In response, conservative Christian groups have sought to project a narrative built upon two core assertions. The first of these is the claim that secularisation poses a serious threat to the social and moral fabric of the nation. The space left by the decline of Christianity, it is said, is being filled by a crude, individualist culture, leading to moral decay and growing social problems such as family breakdown, rising crime and juvenile delinquency. Common assertions in this respect include the claim that “we’re in a post-Christian multi-faith relativistic society where each person decides their own view”, that many of Britain’s difficulties are due to the fact that “[w]e don’t love Jesus enough … We don’t believe in a God that will judge, and in heaven and hell”, and that: “This is what happens when a society does not follow something straightforward like the 10 commandments, but says ‘no no no, we’re free to do what we want’.”

The second component of this narrative is that secularisation poses a threat to religious rights and freedoms. Activists claim that Christianity is becoming increasingly marginalised, and that the rights of Christians have become subordinate to those of other social groups – most notably homosexual, Islamic and secularist campaigners keen to force religion out of public life. . . .

At any rate, in today’s cartoon Jesus tries to make a virtue out of necessity. After all, if the persecution narrative works for ethnic minorities, why not religious minorities as well?


14 thoughts on “Jesus ‘n’ Mo ‘n’ persecution

  1. Jesus told them they’d be ”persecuted for my sake,” didn’t he? And they’re always so very eager to be in that position. Maybe if they’d take his advice and ”pray in their closets” instead of making such an effort to put their religion into the face of society, people might stop the “persecution?”

    Oh…wait….that’s the point, isn’t it?

    1. Candida Moss of the University of Birmingham, in ‘The Myth of Persecution’ addresses that very issue and concludes that there are highly likely 6 cases of state persecution against named individuals in the first 3 centuries of the Christian era up to Constantine.
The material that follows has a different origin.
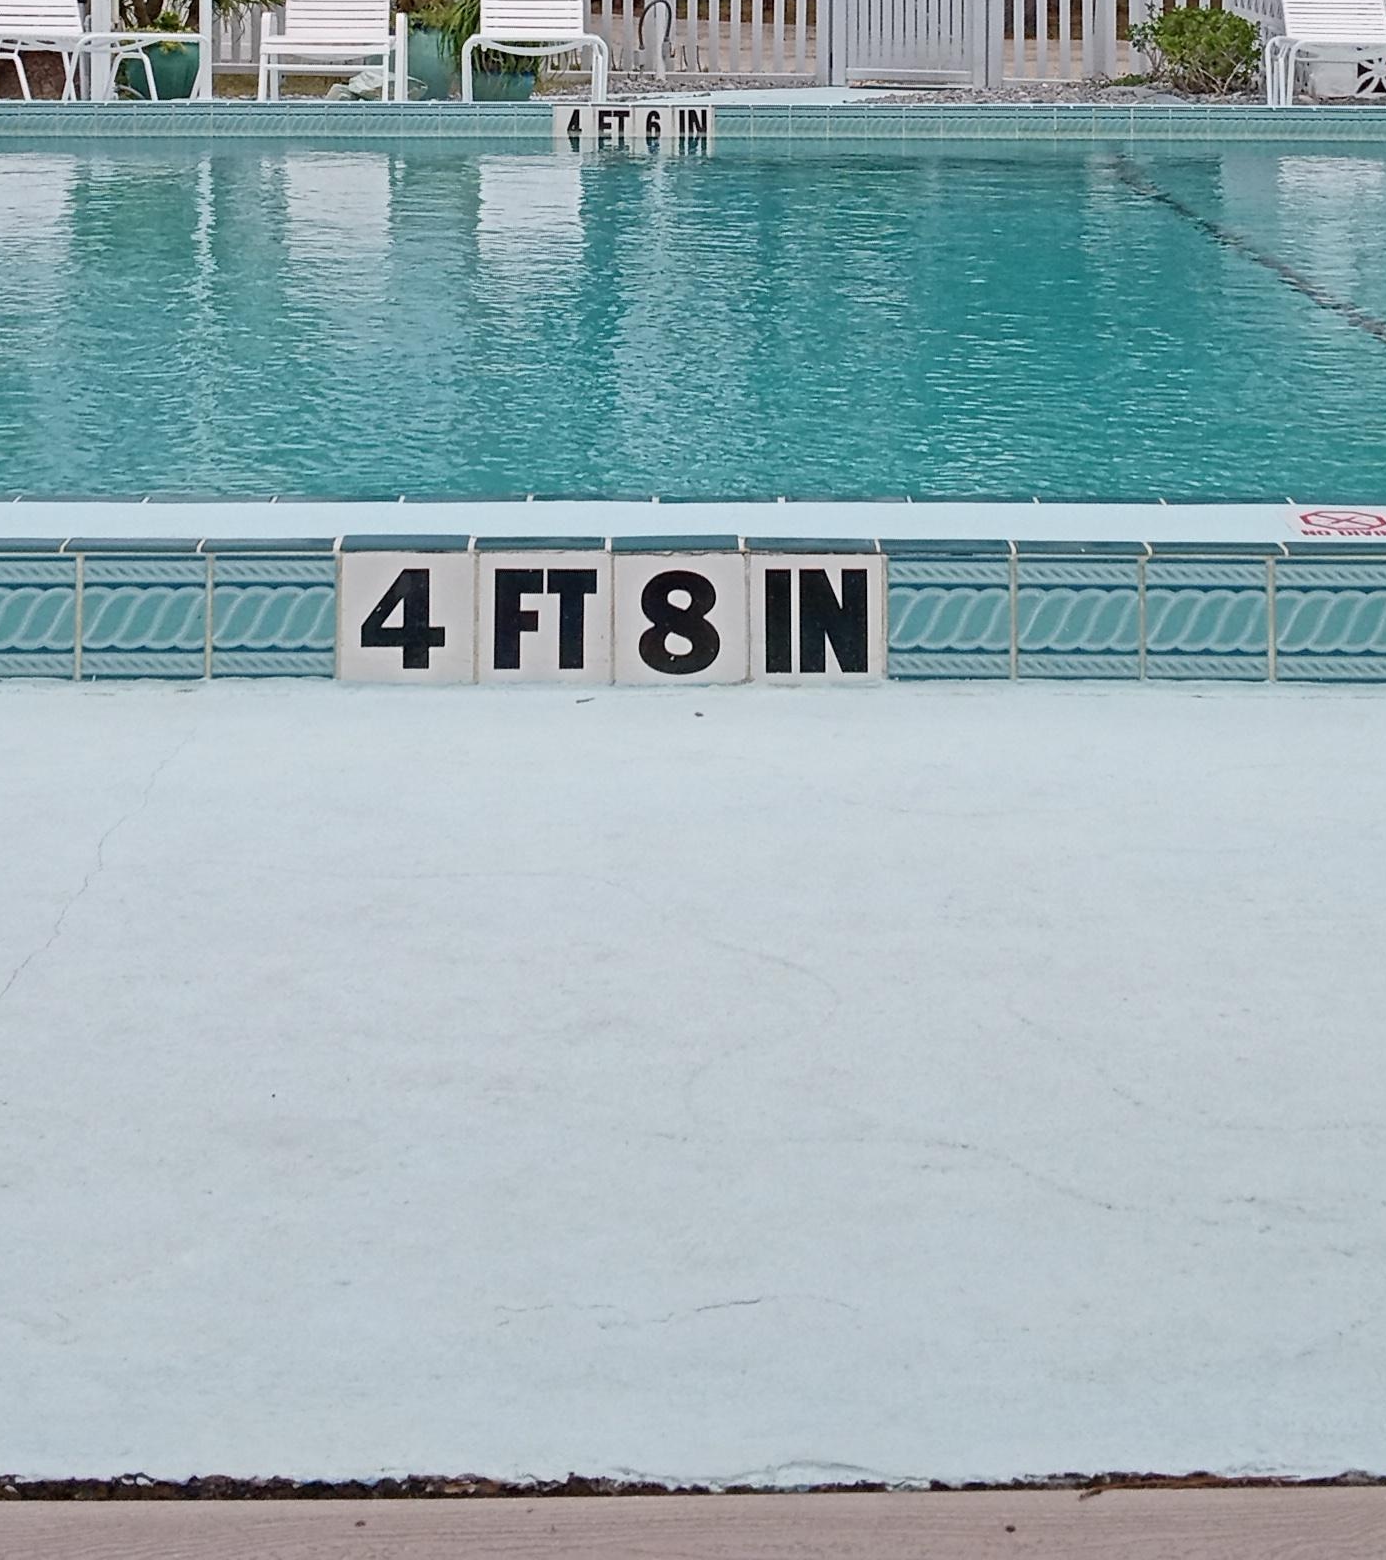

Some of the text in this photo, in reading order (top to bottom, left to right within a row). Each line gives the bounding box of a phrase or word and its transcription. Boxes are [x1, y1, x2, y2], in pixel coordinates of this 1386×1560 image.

[567, 109, 582, 135] 4
[646, 110, 661, 138] 6
[679, 109, 707, 137] IN
[361, 569, 868, 675] 4 FT 8 IN
      To generalize, she says that Christianity has told us that the Decian persecution, for instance, was aimed at them, when Roman documents tell us this was not the case. That is not to say that there were not periods of Roman state persecution of Christians, but that the tales are exaggerated, limited in duration and sporadic.
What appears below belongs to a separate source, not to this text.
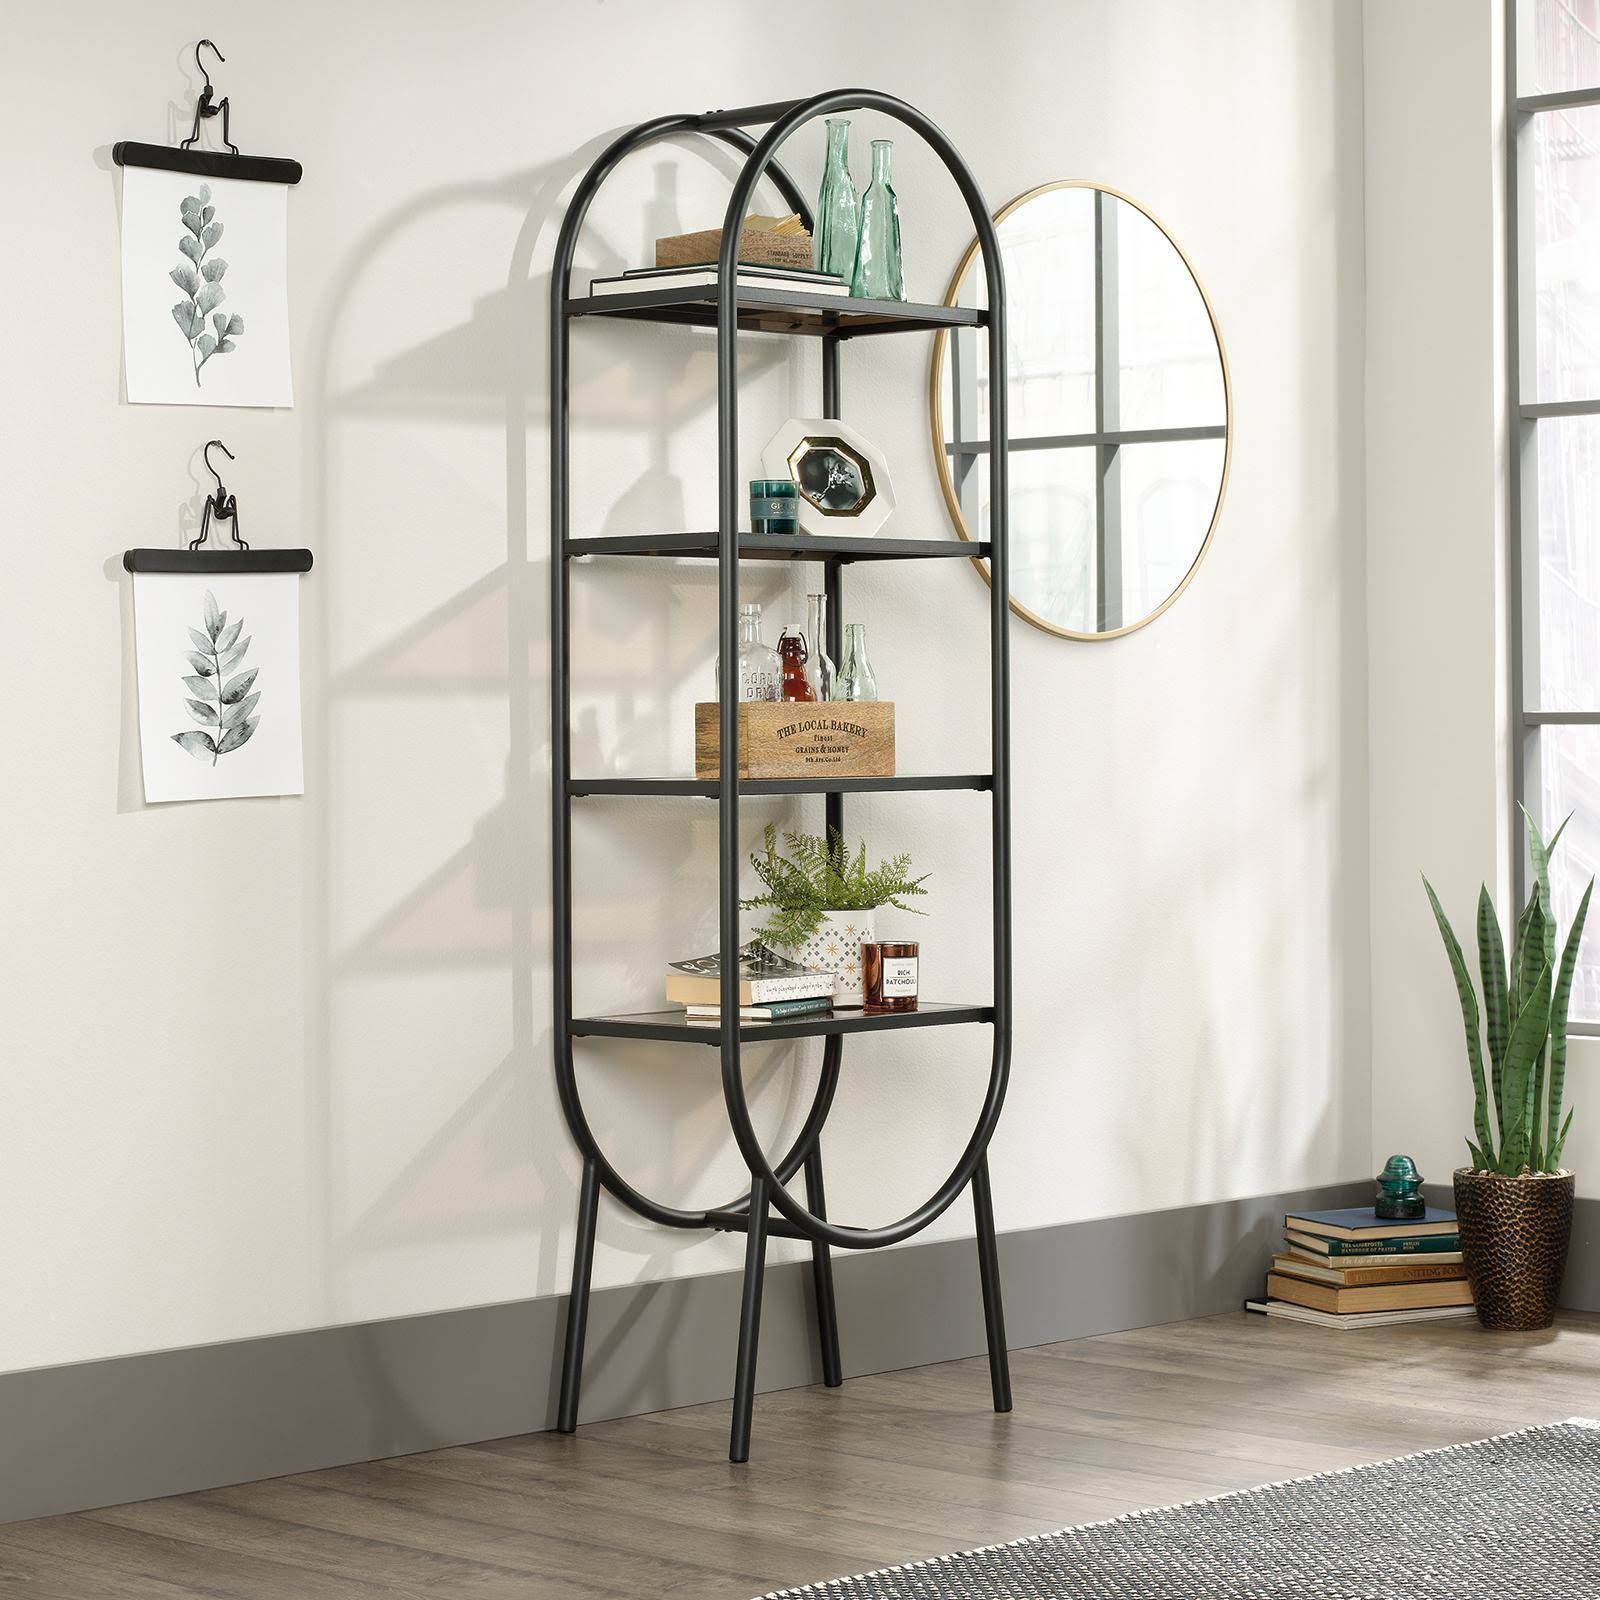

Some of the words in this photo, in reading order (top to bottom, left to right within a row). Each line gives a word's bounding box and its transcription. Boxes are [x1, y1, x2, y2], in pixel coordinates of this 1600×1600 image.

      Hitchens spotted the slavish, masochistic impulse in the monotheisms: I think that the tales told by early Christians among themselves about martyrdom as proof of the religion’s correctness and as a way to confirm group cohesion are a perfect example. And they are still doing it.

      Ms. Moss’s book is well worth a read.

      1. Hell, it was the lions had the legitimate beef about the skimpy Xtian diet they were being fed by the Romans at the Coliseum.

  2. There are a few places around the world where christians can legitimately claim to be persecuted but in the UK and other countries in the west this is a fiction. Christianity continues to occupy a privileged position in most of these countries in spite of the falling rates of belief.
    The fact that other people in society refuse to allow christian dogma to dictate how they should behave, for example with respect to sex and relationships, is emphatically NOT equivalent to persecution of Christians.

    1. They’re being persecuted, where “persecuted” = not getting every last privilege and financial subsidy they think is their due.

  3. Meanwhile, Islamists in Turkey, Syria, Indonesia, etc. are making strides in the opposite direction. Saudi Arabia and Syria are just two (of way too many) examples of how “useful” religious zealotry can be for their bizarre forms of crony capitalism. I recall incorrectly hearing Bashar’s father’s name on radio reports as “half-ass assault” and thinking there is nothing half-assed about what they are doing now.

  4. “…most notably homosexual, Islamic and secularist campaigners keen to force religion out of public life. . . .”
    I very much doubt that ‘Islamic campaigners’ are keen to force religion out of public life.

  5. It is funny how, when people passively move away from a orthodox position of faith those remaining see it as persecution and a threat. While I’ll hold that the persecution is a fiction, the threat to their gods is real.